Un monde vide, purgé par les problèmes des hommes, ceux qui n’aiment que leur image, eux-mêmes, et des petites pièces rondes qu’on peut tenir dans la paume d’une main.
Plus on en possède, plus nous sommes aimés. Aujourd’hui, l’homme fait tout pour l’argent, mais l’argent fait aussi tout pour l’homme. Tuer la nature pour posséder, encore et toujours plus. Sans argent, le monde serait libre. Libre d’aimer, de voyager, de sauver le monde. La peste s’étale sur la terre. L’extinction approche…
Six se réveilla en sursaut, comme à chaque matin. Sa nuque pinçait et elle pouvait sentir avec sa main qu’elle était enflée. Des bruits mécaniques, ressemblant à des rouages qui se mettent en marche, et de la vapeur qui s’immisce par la tuyauterie l’avaient tirée, par la main, hors de son sommeil. Les lumières étaient allumées depuis déjà quelques minutes. Le réveil restait toujours exigeant, même avec l’habitude.
Elle se trouve dans la seule pièce qu’elle a toujours connue, d’au moins vingt-deux mètres de long et treize mètres de large, avec de la céramique blanche couvrant le sol et les murs. La routine comme toujours.
Six est la première réveillée, les autres se réveillent doucement.

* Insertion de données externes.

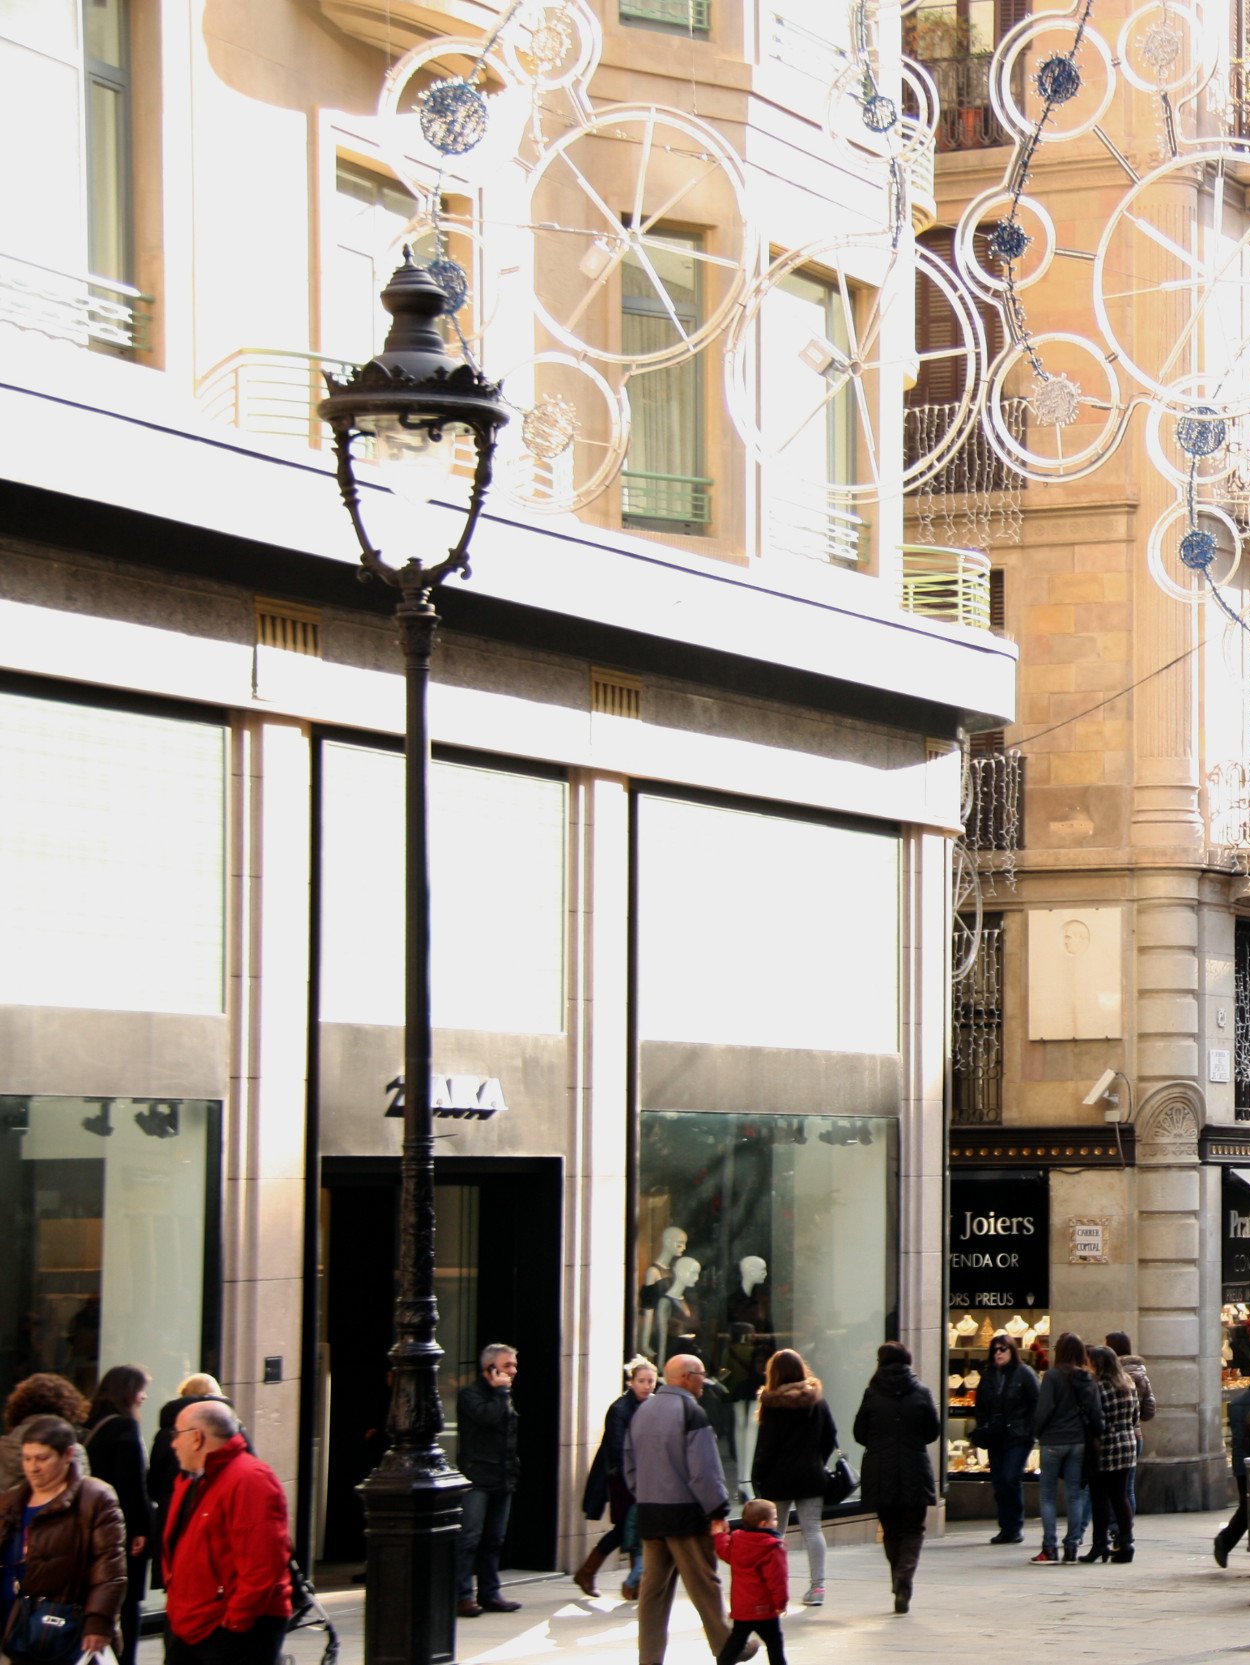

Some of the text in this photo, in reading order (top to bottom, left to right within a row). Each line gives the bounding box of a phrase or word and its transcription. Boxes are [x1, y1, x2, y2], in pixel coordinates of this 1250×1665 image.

[960, 1211, 1034, 1240] Joiers
[1077, 1229, 1100, 1237] CARRER
[1076, 1243, 1100, 1251] COMTAL
[996, 1252, 1019, 1268] OR
[975, 1292, 1014, 1306] PREUS
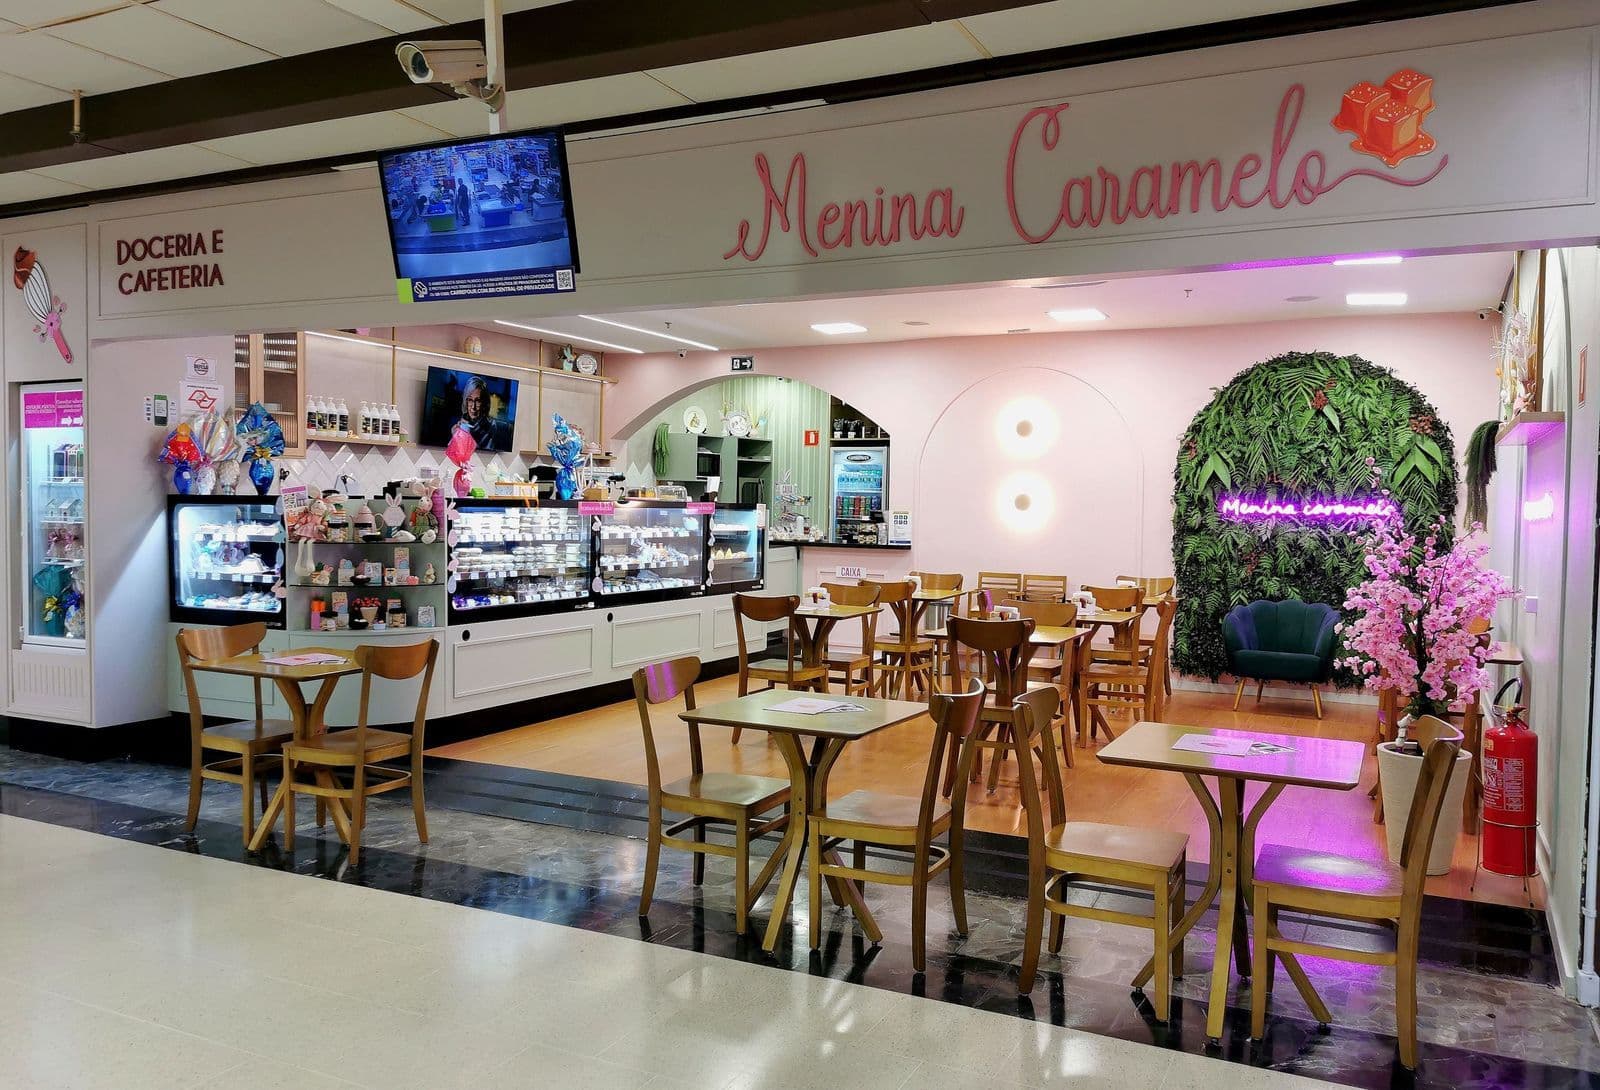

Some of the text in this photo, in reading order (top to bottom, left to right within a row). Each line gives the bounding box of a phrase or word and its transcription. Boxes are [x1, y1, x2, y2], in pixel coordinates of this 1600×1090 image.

Une fois tout le monde réveillé, la tuyauterie se rendort, les rouages se calment pour laisser une trappe au plafond, positionnée au centre de la pièce, s’ouvrir.
Un plateau en métal relié à quatre chaînes en descend, apportant exactement dix bols d’une substance visqueuse, froide et sèche comme la céramique. L’odeur du repas, qui les laisse indifférents, emplit la pièce.
Six n’a jamais aimé le bruit de la trappe, elle reconnaît chaque fois l’endroit précis de son grincement. Chaque coin de la pièce est déjà cartographié, ce n’est pas trop difficile : il n’y a que ça à faire, ici-bas. Ils n’ont pas le choix. Les autres, tout comme elle, la suivent doucement vers la plateforme. Étant toujours sur ses gardes, Four se demande intérieurement « Mais qu’est-ce que c’est? C’est bizarre… Ce n’est pas comme d’habitude… ».
Tous ceux qui se trouvaient dans cette salle étaient habillés de la même façon : une blouse blanche avec un numéro qui remplace sûrement un nom. Il y avait des livres dans un coin de la pièce et, sans savoir pourquoi ni comment, ils ont appris à les lire et à les comprendre. Dans leurs crânes, ils avaient l’équivalent du savoir d’un enfant de quatre ans, même si certains étaient plus âgés que les autres. Four jouait avec la substance gluante du bol sans savoir ce que c’était. Elle jugea qu’il n’y avait aucun danger à en manger. Les douze enfants et adolescents mangèrent – en silence. À son tour, Six se rendit dans un des quatre coins de la pièce et mangea. Même si elle détestait le goût, elle n’avait pas le choix.
Si elle ne mangeait pas, d’autres allaient prendre son bol. Il n’y avait que dix bols. Dix repas, pour douze individus.